En mitad de la calle del Milagro había por los años
de 1717 una casa de humilde apariencia, vecina a la de
Pilatos.
Ocupaba la casita del Milagro una vieja con más pliegues y
arrugas que camisolín de novia, y su sobrina Jovita, la
chica más linda para quien amasaban pan los panaderos de
esa época.
Doña O, que tal era el nombre de la tía, era beata
de la orden tercera y de aquellas que al andar por la calle se
inclinan con frecuencia al suelo para separar las pajitas
diciendo, como la ña Catita de una preciosa comedia de
Manuel Segura:
«... aquí hay una cruz:
no la vayan a pisar».
Doña O no admitía en su casa más visita
masculina que la de algunos frailes cogotudos y la de Don Alonso
Esquivel, con quien la vieja andaba en arreglos para casarlo con
la sobrina. Pero Jovita se había encaprichado en no querer
para marido a hombre que amén de peinar canas y sufrir de
reuma gotoso, exhalaba olor a cera de sacristía.
Decía la mocita que los viejos son como los cuernos:
duros, huecos y retorcidos. Melindres aparte, yo diré a
ustedes en confianza, que si la niña hacía fieros
al cascado galán, era por tener sus dares y tomares con un
buen mozo llamado Don Juan Manuel Ballesteros, por quien
doña O experimentaba más tirria que el diablo por
el agua bendita. Jovita era tan firme en su querer, que no parece
sino que para ella se escribieron estas coplas:
«El Padre Santo de Roma
me dijo que no te amara,
y le dije: -Padre mío,
aunque me recondenara.
Y el padre Santo me dijo
que te deje, que te deje,
y contesté: -Padre mío,
con la muerte, con la muerte».
El Don Alonso Esquivel había sido secretario de cartas y
favorito del virrey-arzobispo Don fray Diego Morcillo Rubio de
Auñón, en los cincuenta días que duró
su gobierno hasta la llegada del príncipe de Santo-Buono,
nombrado virrey en propiedad. Después del interinato
político, pasó Esquivel a desempeñar el
empleo de mayordomo de su ilustrísima, quien a la
sazón se preparaba para regresar a su diócesis de
La Plata.
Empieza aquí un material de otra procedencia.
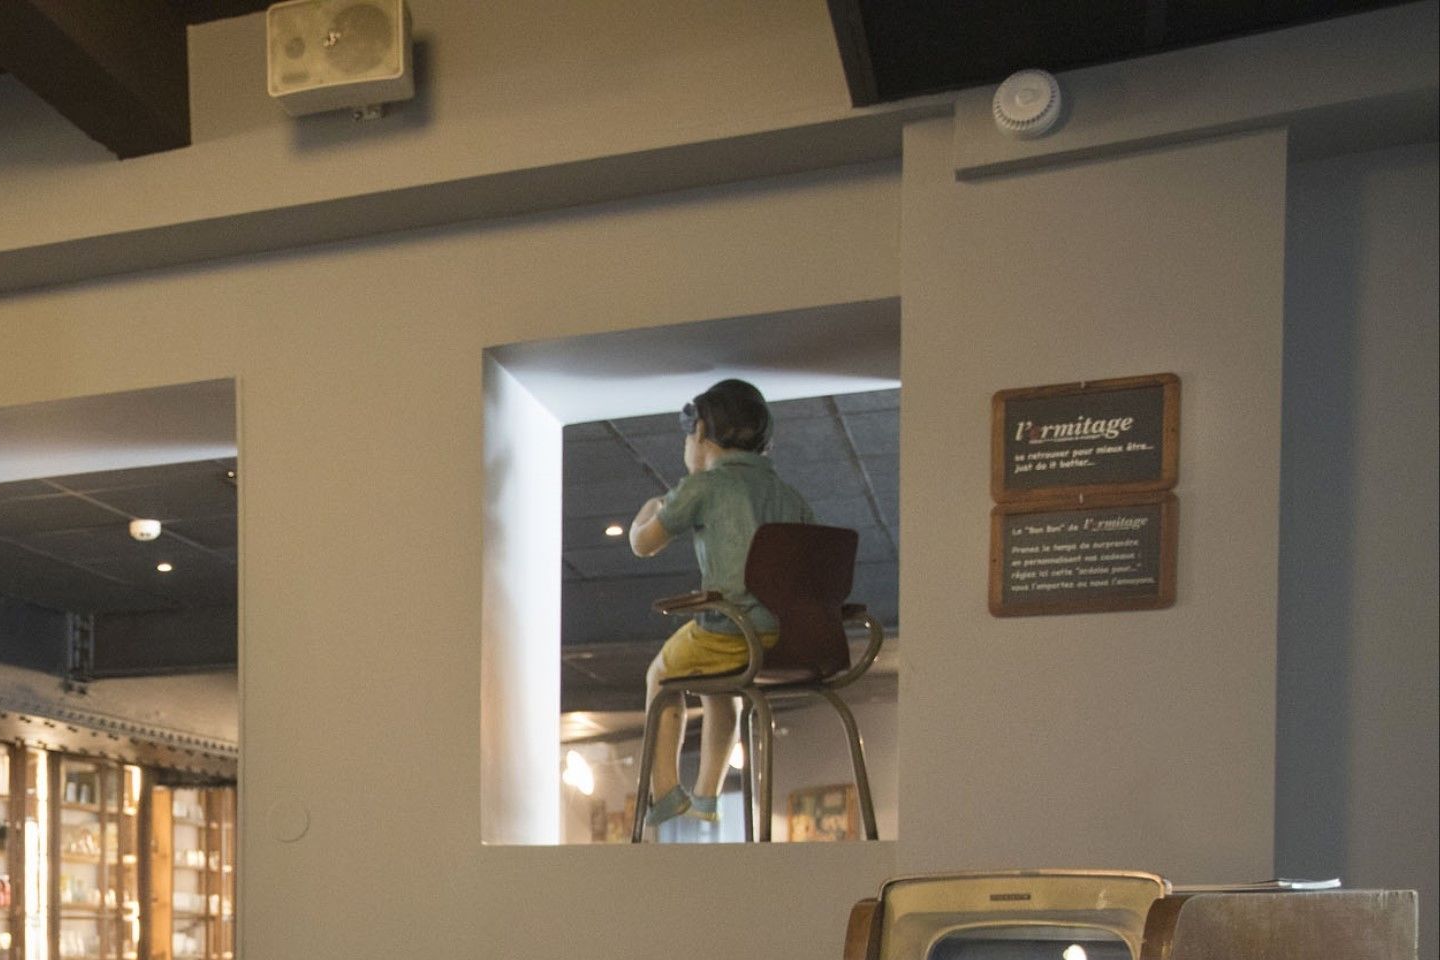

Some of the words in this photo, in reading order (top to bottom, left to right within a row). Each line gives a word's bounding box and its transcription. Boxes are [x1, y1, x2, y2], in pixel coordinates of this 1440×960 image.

Además el de Esquivel blasonaba de nobleza y
lucía escudo cortado: el primer cuartel en oro con una
águila en sable, y el segundo en azur con cuatro barras de
oro, que son las armas del apellido Esquivel. Como se ve, no era
Don Alonso ningún majagranzas pobretón, sine todo
un personaje.
Entre la tía, que patrocinaba los amores de éste, y
la sobrina, reacia en desahuciarlo, sosteníase diariamente
cruda batalla. Baste, para formar idea del carácter de esa
lucha, el oír parte de la conversación que en la
tarde del 16 de junio de 1717 tenían en la puerta de calle
la beata y su protegido:
-Fibra, mi señora doña O, mucha fibra, si no quiere
usted que esa descocada y ese mozo libertino hagan chichirimico
de nosotros. Córtele usted las trenzas, y al convento con
ella, que ya la madre abadesa sor Estefanía de los Clavos
está prevenida y se pinta sola para domeñar
doncellitas levantiscas.
-Así se hará como vuesa merced me lo aconseja, mi
Sr. Don Alonso. Mañana mismo dormirá Jovita en las
bernardas de la Santísima Trinidad.
-Amén, y hasta la noche que daré la vuelta,
trayéndole la licencia del Vicario para que la moza sea
recibida en el santo claustro. Beso a usted la mano, mi
señora doña O.
-Acompañe Dios al caballero.
II
Tocaban las ocho en San Francisco cuando tía y sobrina
salían de la salve de la Soledad.
En la plazuela, obscurísima como es de imaginarse en
aquellos tiempos en que no se conocía en Lima sistema
alguno de alumbrado público, encontrábase un
embozado, quien con el disimulo propio de experto conquistador,
se acercó a Jovita, la dio una carta y recibió
otra. Por supuesto que doña O no echó de ver
aquella actividad de estafetas, que gente moza y enamoradiza se
la pega hasta al demonio en figura de beata y semisuegra. El
galán siguió su camino y entró en la botica
de la esquina, donde había constante tertulia de ociosos
jugando a las damas o murmurando de la vida ajena. Allí a
la luz del farolillo leyó este billetico: «Juan,
sálvame por Dios. Mañana me encierra la tía
en la Trinidad. Esta noche traerá Don Alonso la
licencia».
Ballesteros quedose gran rato pensativo, y luego, como quien ha
adoptado una resolución, despidiose de los tertulios, que
tenían sus cinco sentidos puestos en el tablero,
engolfados en un lance de dama chancho, y enderezó a la
calle del Milagro.
En ese instante Don Alonso Esquivel llegaba a la puerta de la
casa de Jovita, cuando se le interpuso un embozado.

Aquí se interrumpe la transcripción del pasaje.